Illinois can now issue its own guidelines about when and how people should receive vaccines and what shots insurers must cover — regardless of what the federal government recommends.
State lawmakers say the new law is the first of its kind. Illinois Gov. JB Pritzker (D) signed it just days before a federal vaccine panel plans to vote on major changes to America’s childhood immunization schedule. Illinois is among several Democratic-led states developing their own systems to assess vaccines, an attempt to address warnings by some public health officials that the Trump administration has politicized vaccine science.
In June, Health Secretary Robert F. Kennedy Jr., fired members of the Centers for Disease Control and Prevention’s vaccine advisory panel and replaced them with advisers aligned with his vaccine-skeptical views. The remade panel voted to tighten eligibility for covid shots in September. And this week, it will decide whether to stop recommending that all newborns be given a vaccine for hepatitis B, a virus that can cause liver damage and cancer.
HHS officials did not immediately respond to a request for comment Wednesday on the Illinois law.
Speaking Tuesday at the news conference where he signed the measure, Pritzker said it was necessary to protect Illinois residents as “conspiracy theories and dangerous misinformation about vaccines are running around Washington.”
The law will give the Illinois public health department the power to issue vaccine guidance based on advice from its own expert advisory committee, breaking from the tradition of following the recommendations from the CDC’s the Advisory Committee on Immunization Practices.
The Illinois statute also will require that state-regulated insurers cover vaccines recommended by the state panel for Illinois residents, regardless of what the CDC decides.
Kennedy’s plans to change U.S. vaccine policies have prompted states to band together to figure out how to respond to federal public health initiatives and offer immunizations if they are no longer recommended by the CDC and its advisers. Illinois joined a 15-state public health alliance that formed in October.
These actions allow Illinois to diverge from the federal guidance if health agencies act against long-held public health standards, said Kevin Griffis, spokesperson for the Vaccine Integrity Project, a coalition of health insurers, vaccine makers and other groups that are also exploring alternative methods to protect long-standing immunization practices.

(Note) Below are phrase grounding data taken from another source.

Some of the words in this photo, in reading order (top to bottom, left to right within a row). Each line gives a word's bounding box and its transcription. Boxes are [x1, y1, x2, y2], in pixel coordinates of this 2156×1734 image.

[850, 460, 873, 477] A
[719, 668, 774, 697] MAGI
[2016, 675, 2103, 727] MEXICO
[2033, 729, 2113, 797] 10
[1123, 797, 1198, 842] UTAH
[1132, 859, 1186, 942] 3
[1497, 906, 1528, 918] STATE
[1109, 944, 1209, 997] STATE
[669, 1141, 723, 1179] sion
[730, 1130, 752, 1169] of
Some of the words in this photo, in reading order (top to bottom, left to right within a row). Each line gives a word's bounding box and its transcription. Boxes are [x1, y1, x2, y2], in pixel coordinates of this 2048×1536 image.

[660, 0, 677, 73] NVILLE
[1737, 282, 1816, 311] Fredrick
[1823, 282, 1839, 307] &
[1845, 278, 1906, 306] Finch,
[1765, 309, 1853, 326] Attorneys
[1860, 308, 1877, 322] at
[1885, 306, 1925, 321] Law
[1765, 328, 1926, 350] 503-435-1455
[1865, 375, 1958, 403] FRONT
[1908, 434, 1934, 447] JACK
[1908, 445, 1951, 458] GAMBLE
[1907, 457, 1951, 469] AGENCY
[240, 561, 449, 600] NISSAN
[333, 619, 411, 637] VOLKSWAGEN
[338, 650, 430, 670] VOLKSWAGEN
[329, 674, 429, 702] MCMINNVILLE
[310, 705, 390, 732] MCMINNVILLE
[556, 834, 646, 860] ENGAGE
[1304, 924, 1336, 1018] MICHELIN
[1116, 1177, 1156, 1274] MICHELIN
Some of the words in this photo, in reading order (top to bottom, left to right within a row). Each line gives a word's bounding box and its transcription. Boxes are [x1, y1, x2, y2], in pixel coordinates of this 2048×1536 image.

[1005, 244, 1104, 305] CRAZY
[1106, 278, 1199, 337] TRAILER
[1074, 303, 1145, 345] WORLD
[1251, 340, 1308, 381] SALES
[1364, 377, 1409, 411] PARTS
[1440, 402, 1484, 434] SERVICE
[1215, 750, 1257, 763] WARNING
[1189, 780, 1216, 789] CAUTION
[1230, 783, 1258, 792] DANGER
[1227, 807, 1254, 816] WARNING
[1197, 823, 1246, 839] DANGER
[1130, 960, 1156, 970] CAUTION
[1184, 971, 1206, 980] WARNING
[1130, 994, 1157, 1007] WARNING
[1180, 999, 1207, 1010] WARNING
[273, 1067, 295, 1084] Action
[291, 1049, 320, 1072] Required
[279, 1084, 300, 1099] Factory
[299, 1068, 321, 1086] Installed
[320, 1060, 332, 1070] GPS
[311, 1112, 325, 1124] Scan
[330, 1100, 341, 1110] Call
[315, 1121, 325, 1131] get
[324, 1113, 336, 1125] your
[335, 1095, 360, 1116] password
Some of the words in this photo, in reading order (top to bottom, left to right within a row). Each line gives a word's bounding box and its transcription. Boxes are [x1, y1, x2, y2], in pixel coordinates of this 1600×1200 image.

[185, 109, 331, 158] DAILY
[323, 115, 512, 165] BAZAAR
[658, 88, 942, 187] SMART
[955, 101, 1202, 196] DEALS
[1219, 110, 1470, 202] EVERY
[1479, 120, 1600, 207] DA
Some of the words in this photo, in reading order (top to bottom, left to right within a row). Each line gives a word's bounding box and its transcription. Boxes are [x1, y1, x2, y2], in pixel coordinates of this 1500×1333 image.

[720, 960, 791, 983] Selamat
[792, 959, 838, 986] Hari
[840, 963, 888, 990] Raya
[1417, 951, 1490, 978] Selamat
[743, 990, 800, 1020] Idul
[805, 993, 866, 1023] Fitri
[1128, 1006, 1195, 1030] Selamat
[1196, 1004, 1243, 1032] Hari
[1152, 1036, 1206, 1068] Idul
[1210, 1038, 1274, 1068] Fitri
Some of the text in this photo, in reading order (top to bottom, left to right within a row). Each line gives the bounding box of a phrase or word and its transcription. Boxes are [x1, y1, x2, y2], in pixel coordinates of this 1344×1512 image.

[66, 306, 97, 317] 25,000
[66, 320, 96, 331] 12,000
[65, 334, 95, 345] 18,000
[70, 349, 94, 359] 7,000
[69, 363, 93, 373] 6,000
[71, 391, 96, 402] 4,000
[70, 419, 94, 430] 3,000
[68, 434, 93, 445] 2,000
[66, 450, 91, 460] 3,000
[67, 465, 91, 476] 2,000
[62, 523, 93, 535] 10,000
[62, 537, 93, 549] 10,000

“That’s what a lot of states are confronting right now, and they’re trying to figure out: ‘How do we maintain a system that’s based in data and not ideology?’” Griffis said.
Public health experts have warned that contradictory guidance between state and federal governments could lead to unprecedented confusion among doctors and patients.
Their warnings have intensified of late. Last month, the CDC revised its website to break with the long-settled scientific conclusion that vaccines do not cause autism. Beyond vaccines, the Trump administration this fall linked Tylenol to autism without definitive evidence and advised pregnant women against taking the painkiller.
On Tuesday, Pritzker called the administration’s public health actions another effort to “pull the rug out from under American families.”
Illinois lawmakers approved their new measure, which was first introduced late last year, on party-line votes. It was backed by the state’s top health organizations, several municipal public health departments, and the American College of Obstetricians and Gynecologists. AHIP, a major health insurance trade group, opposed the bill over concerns that state-specific policies could make insurance more expensive for employers and employees.
State Rep. Bill Hauter (R), while debating the bill, characterized it as politically motivated, based on Democratic politicians’ disdain for President Donald Trump.
“The majority is going to pass this bill because they want to show how much they hate Trump,” said Hauter, who voted against passage.
AHIP has said it would cover the cost of vaccines previously recommended by the CDC advisory panel through the end of 2026. The new Illinois law requires state-regulated insurers to cover state-recommended vaccines for Illinois residents starting Jan. 1.